Because of the lockdown measures, “the situation is very miserable. I only get between three and four fares a week,” she told The Media Line.
“A woman should be free to make her own decisions and choose her own way of making a living. I do face challenges, such as bullying, but I keep moving forward and pay no attention to those who negatively impact me,” Abu Jubba said.
Huda Khattab, 35, a mother of three who studied several courses including social work, journalism and marketing, is the only women running a mobile phone store in the Gaza Strip.
“The economic deterioration put us at risk, so I decided to carry out a feasibility study for several businesses, and I found that a mobile phone store was the best choice because it is a lower-risk field,” she told The Media Line.
“My business is flourishing, despite the limited working hours permitted under the lockdown measures, and I have five employees who are the breadwinners for their own families too,” Khattab said.
About the obstacles, she said, “The financial part is the toughest, especially given the difficult economic situation in the Strip.”
Given the conservative nature of the Gazan community, people entering the store find it “weird” to deal with a female behind the counter. Khattab explained that she has experienced this many times saying, “I don’t care what they think about me, because I know I’m doing the right thing for myself and my family. Making it on my own is way better than asking people for help.”
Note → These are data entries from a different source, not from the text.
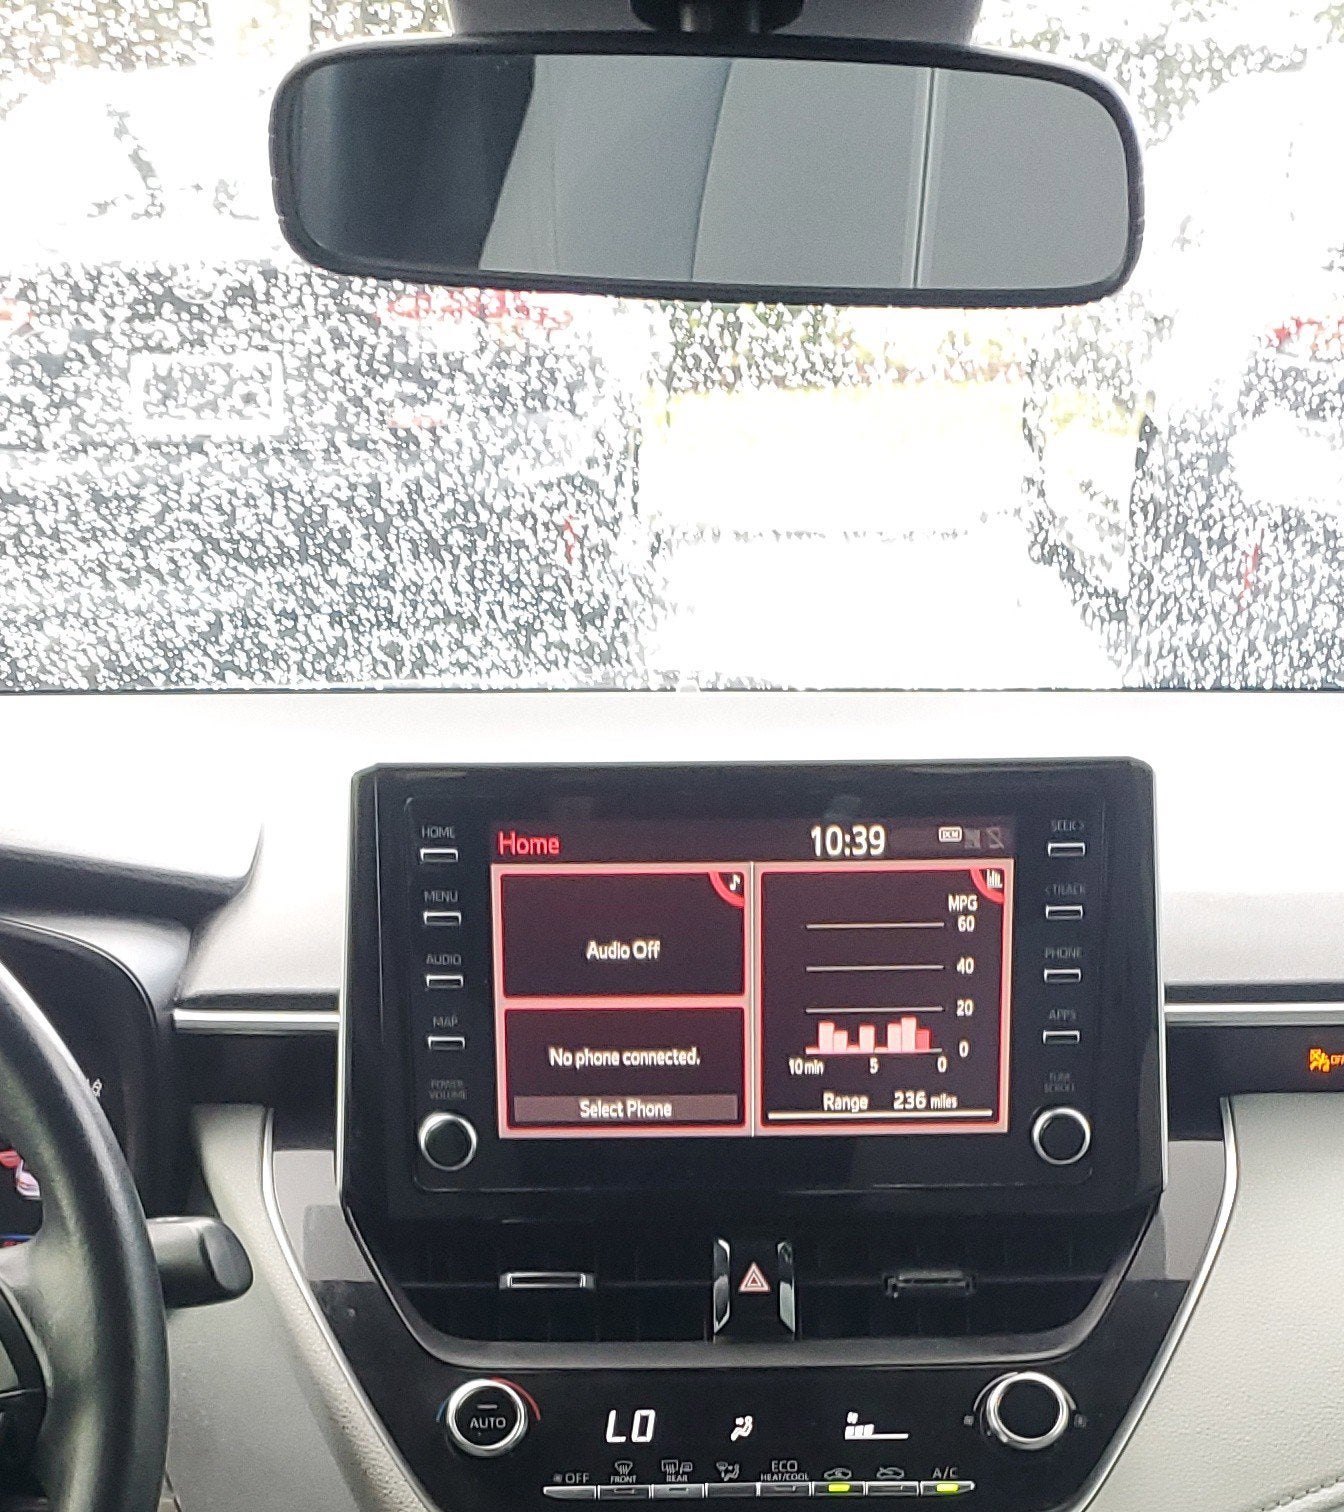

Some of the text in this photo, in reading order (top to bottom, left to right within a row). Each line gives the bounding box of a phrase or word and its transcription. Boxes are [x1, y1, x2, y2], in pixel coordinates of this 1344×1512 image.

[421, 825, 456, 839] HOME
[810, 824, 886, 857] 10:39
[498, 830, 561, 856] Home
[423, 890, 458, 903] MENU
[947, 894, 978, 912] MPG
[957, 915, 976, 933] 60
[586, 939, 661, 960] Audio Off
[425, 953, 462, 966] AUDIO
[956, 956, 975, 975] 40
[955, 999, 974, 1017] 20
[432, 1016, 459, 1028] MAP
[958, 1040, 970, 1058] 0
[548, 1046, 701, 1071] No phone connected.
[788, 1057, 824, 1076] 10 min
[869, 1058, 880, 1075] 5
[936, 1056, 948, 1074] 0
[579, 1098, 673, 1119] Select Phone
[822, 1090, 958, 1113] Range 236 miles
[469, 1416, 507, 1429] AUTO
[605, 1408, 656, 1444] LO
[771, 1459, 798, 1473] ECO
[932, 1466, 959, 1480] A/C
[565, 1472, 590, 1484] OFF
[610, 1474, 637, 1484] FRONT
[666, 1473, 688, 1483] REAR
[760, 1472, 809, 1482] HEAT/COOL
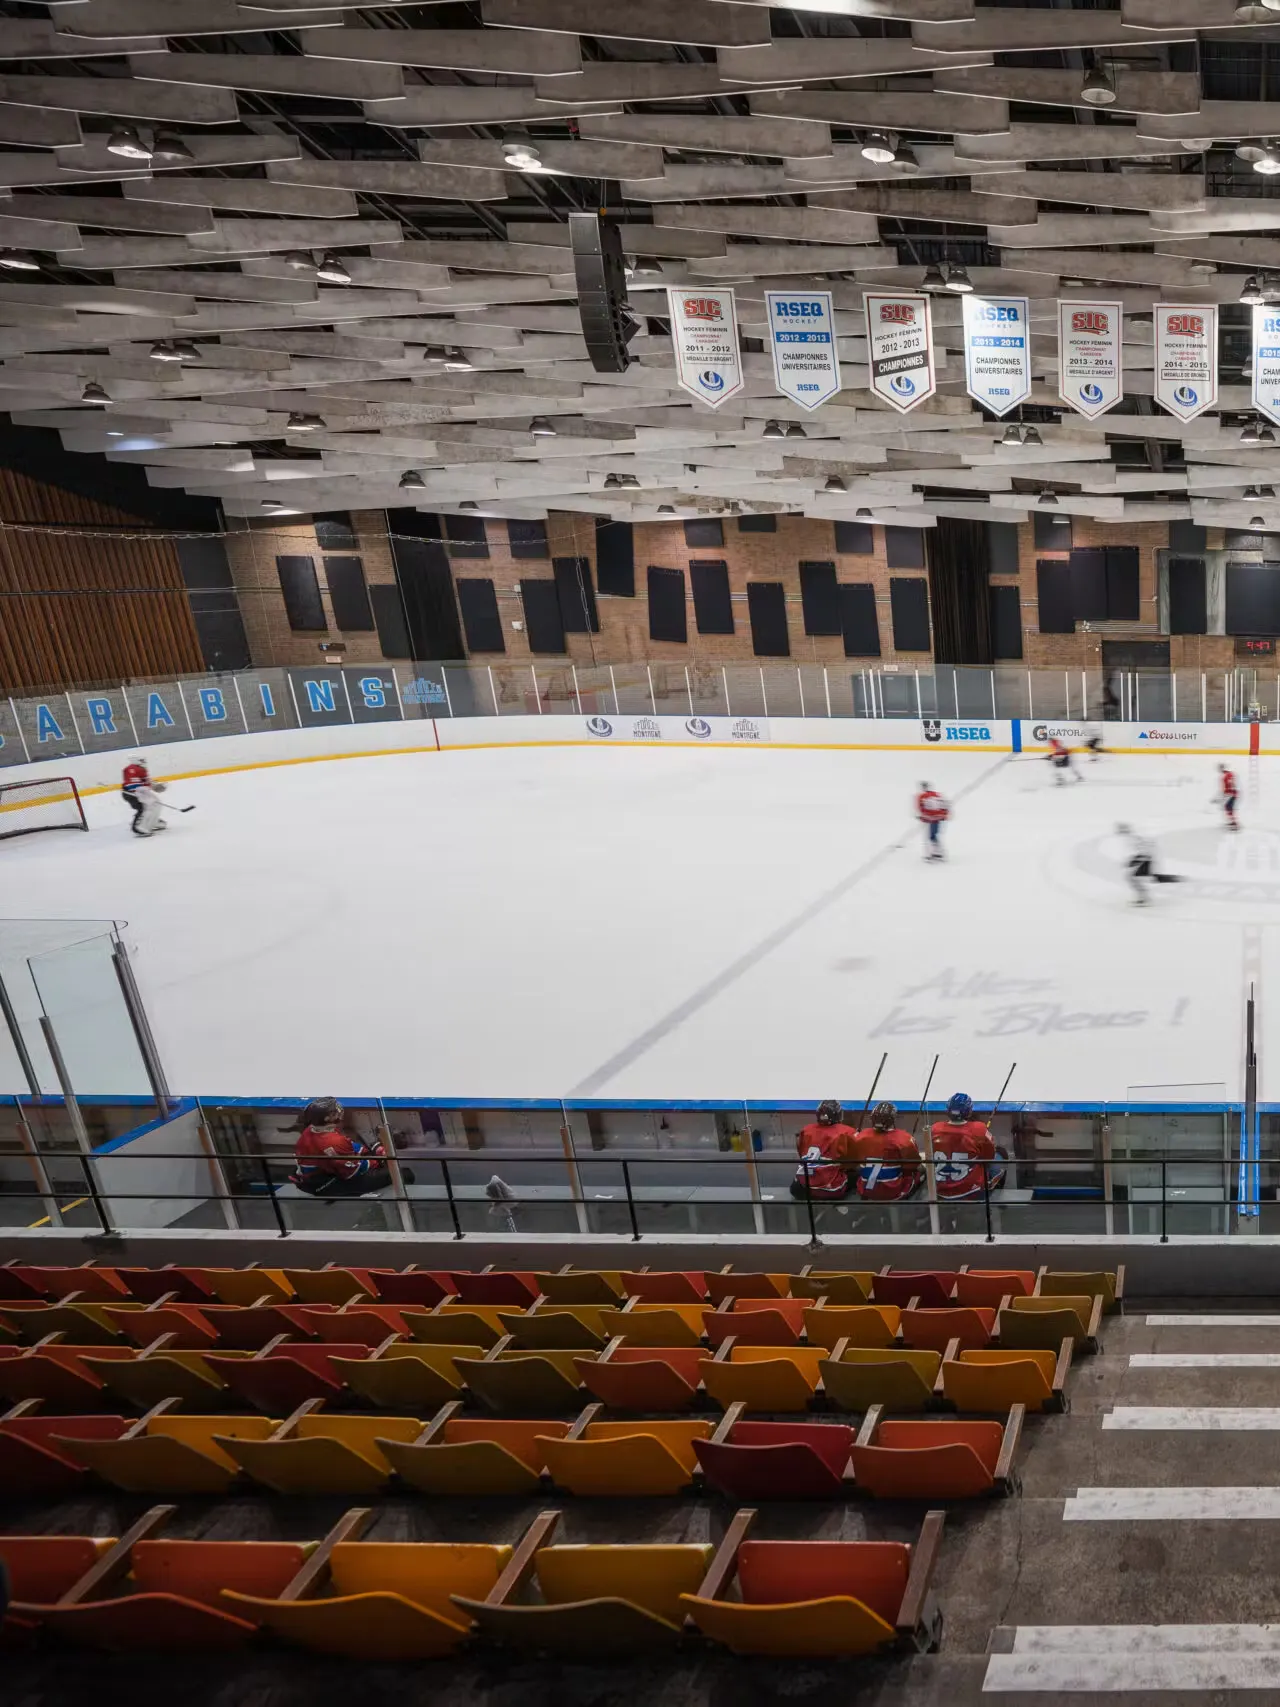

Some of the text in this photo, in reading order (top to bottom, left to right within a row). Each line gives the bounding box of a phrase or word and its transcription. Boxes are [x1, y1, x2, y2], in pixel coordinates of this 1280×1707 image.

[683, 298, 722, 317] SIC
[776, 302, 824, 316] RSEQ
[880, 304, 915, 321] SIC
[1072, 311, 1109, 330] SIC
[1167, 314, 1204, 333] SIC
[780, 334, 800, 342] 2012
[806, 334, 826, 342] 2013
[875, 332, 897, 341] HOCKEY
[974, 338, 994, 346] 2013
[882, 342, 898, 353] 2012
[904, 338, 920, 350] 2013
[782, 353, 828, 361] CHAMPIONNES
[879, 355, 924, 373] CHAMPIONNES
[976, 357, 1021, 365] CHAMPIONNES
[781, 363, 831, 371] UNIVERSITAIRES
[974, 367, 1023, 375] UNIVERSITAIRES
[0, 677, 386, 749] ARABINS
[945, 727, 992, 740] RSEQ
[1149, 730, 1174, 740] Coors
[865, 1157, 884, 1190] 7
[934, 1151, 973, 1182] 25
Khattab’s message to women is that “nothing is impossible as long as you are doing your best. You have to be a fighter in this world.”
Maher Altabbaa, a financial analyst and director of public relations for the Gaza Chamber of Commerce and Industry, said that even before COVID-19, Gaza’s situation was exceptional for many reasons.
“The Strip’s economy is completely depleted due to 14 years of Israeli blockade and three large-scale wars that had devastating effects on all economic establishments,” he told The Media Line.
“There is a catastrophic decline in all economic indicators of the Strip. We are talking about nearly a quarter of a million unemployed, a high unemployment rate of 50%, according to the latest statistics, and an alarming poverty rate that exceeds 53% and is expected by the World Bank to reach 64% by the end of 2020 due to the pandemic,” Altabbaa stated.
To emerge from the crisis, the Israeli blockade must be ended with all its ramifications, Altabbaa argued.
“This requires allowing the unconditional entry of goods and commodities to the Strip without [Israeli] restrictions, in parallel with allowing marketing of the Strip’s products outside the Strip to revive the battered economy,” he said.
Altabbaa seemed less than optimistic about the ongoing entrepreneurship movement.
“In recent years, there have been many attempts by Gazan youth and females in the form of micro-businesses to overcome the economic hardship and reduce unemployment, but unfortunately they have no tangible results on the economic ground because they are still very limited, they lack incentives to sustain and develop, and they face novel challenges, with the toughest being the COVID-19 pandemic,” Altabbaa said.